Everything in the listing except the pictures should be written out exactly.

◆ Stored data
+ + + + + + +

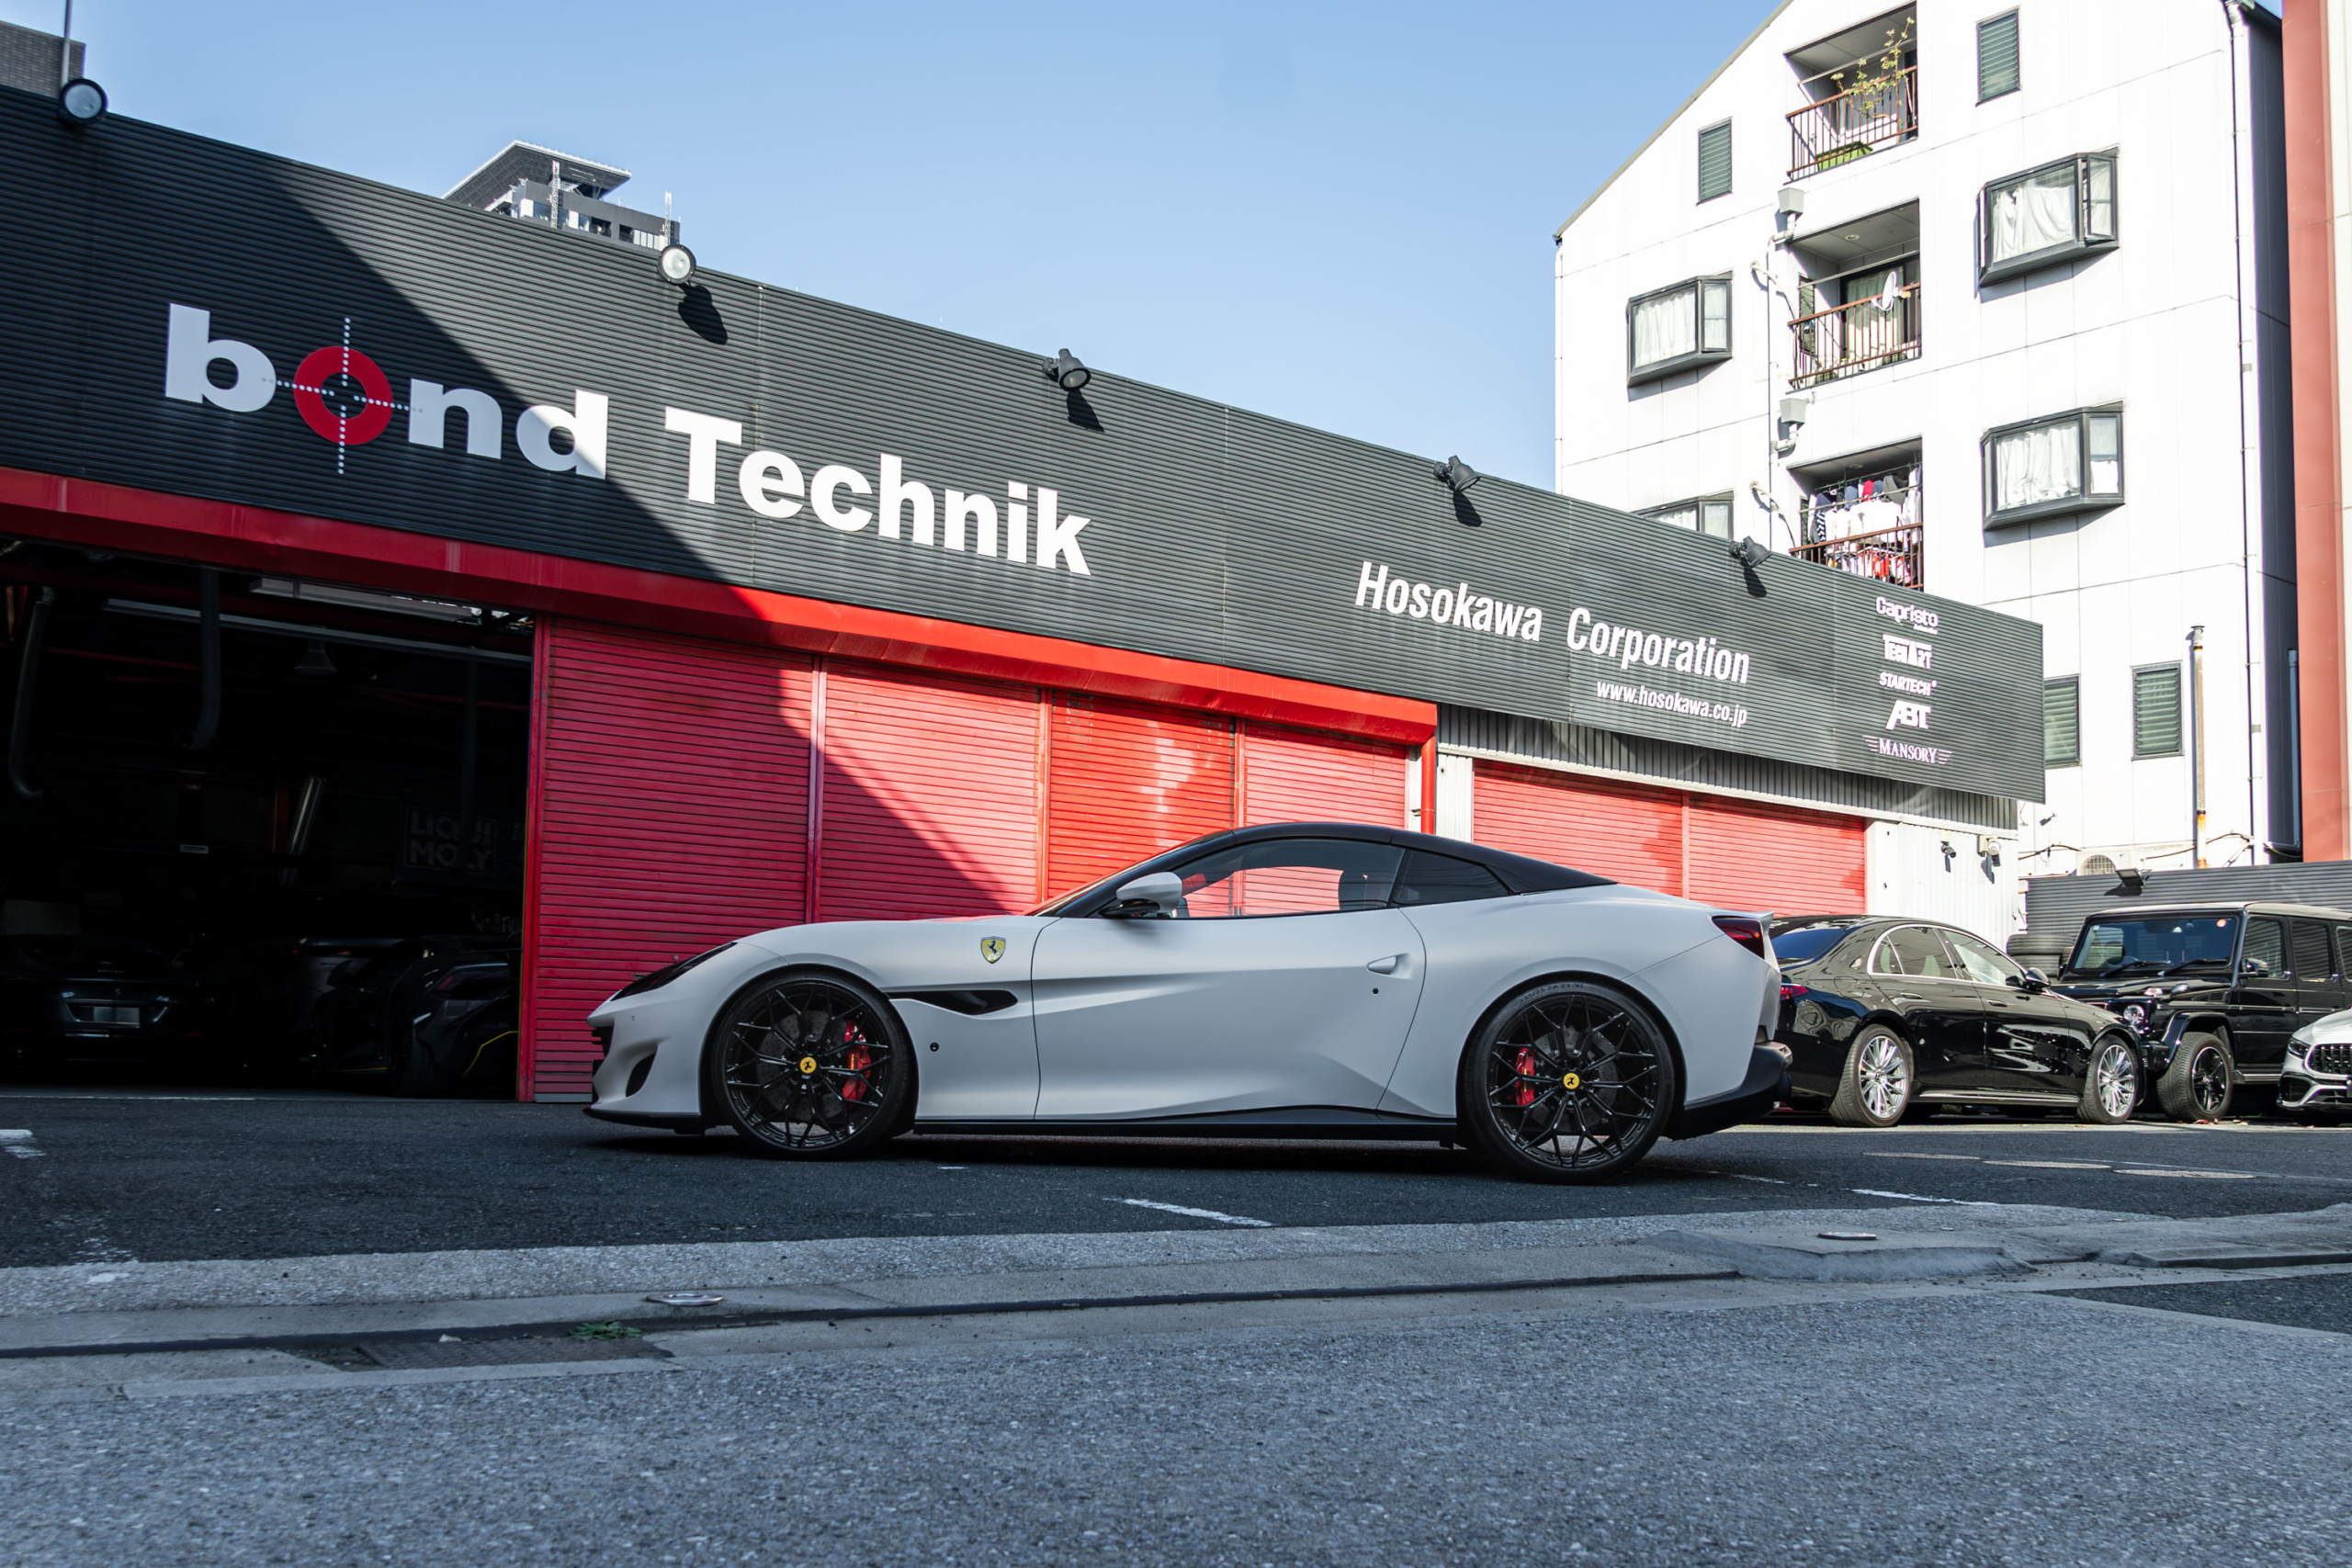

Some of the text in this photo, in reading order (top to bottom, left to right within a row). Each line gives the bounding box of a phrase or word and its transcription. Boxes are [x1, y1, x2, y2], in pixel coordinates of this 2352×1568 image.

[165, 303, 1091, 576] bond Technik
[1355, 561, 1750, 685] Hosokawa Corporation
[1876, 596, 1939, 627] Capristo
[1596, 680, 1748, 728] www.hosokawa.co.jp
[1885, 700, 1932, 730] ABT
[1878, 738, 1939, 764] MANSORY

+ + + + + + +

◆ Result of the exercise
Some of the text in this photo, in reading order (top to bottom, left to right within a row). Each line gives the bounding box of a phrase or word and its transcription. Boxes are [x1, y1, x2, y2], in pixel coordinates of this 2352×1568 image.

[165, 303, 1091, 576] bond Technik
[1355, 561, 1750, 685] Hosokawa Corporation
[1876, 596, 1939, 627] Capristo
[1596, 680, 1748, 728] www.hosokawa.co.jp
[1885, 700, 1932, 730] ABT
[1878, 738, 1939, 764] MANSORY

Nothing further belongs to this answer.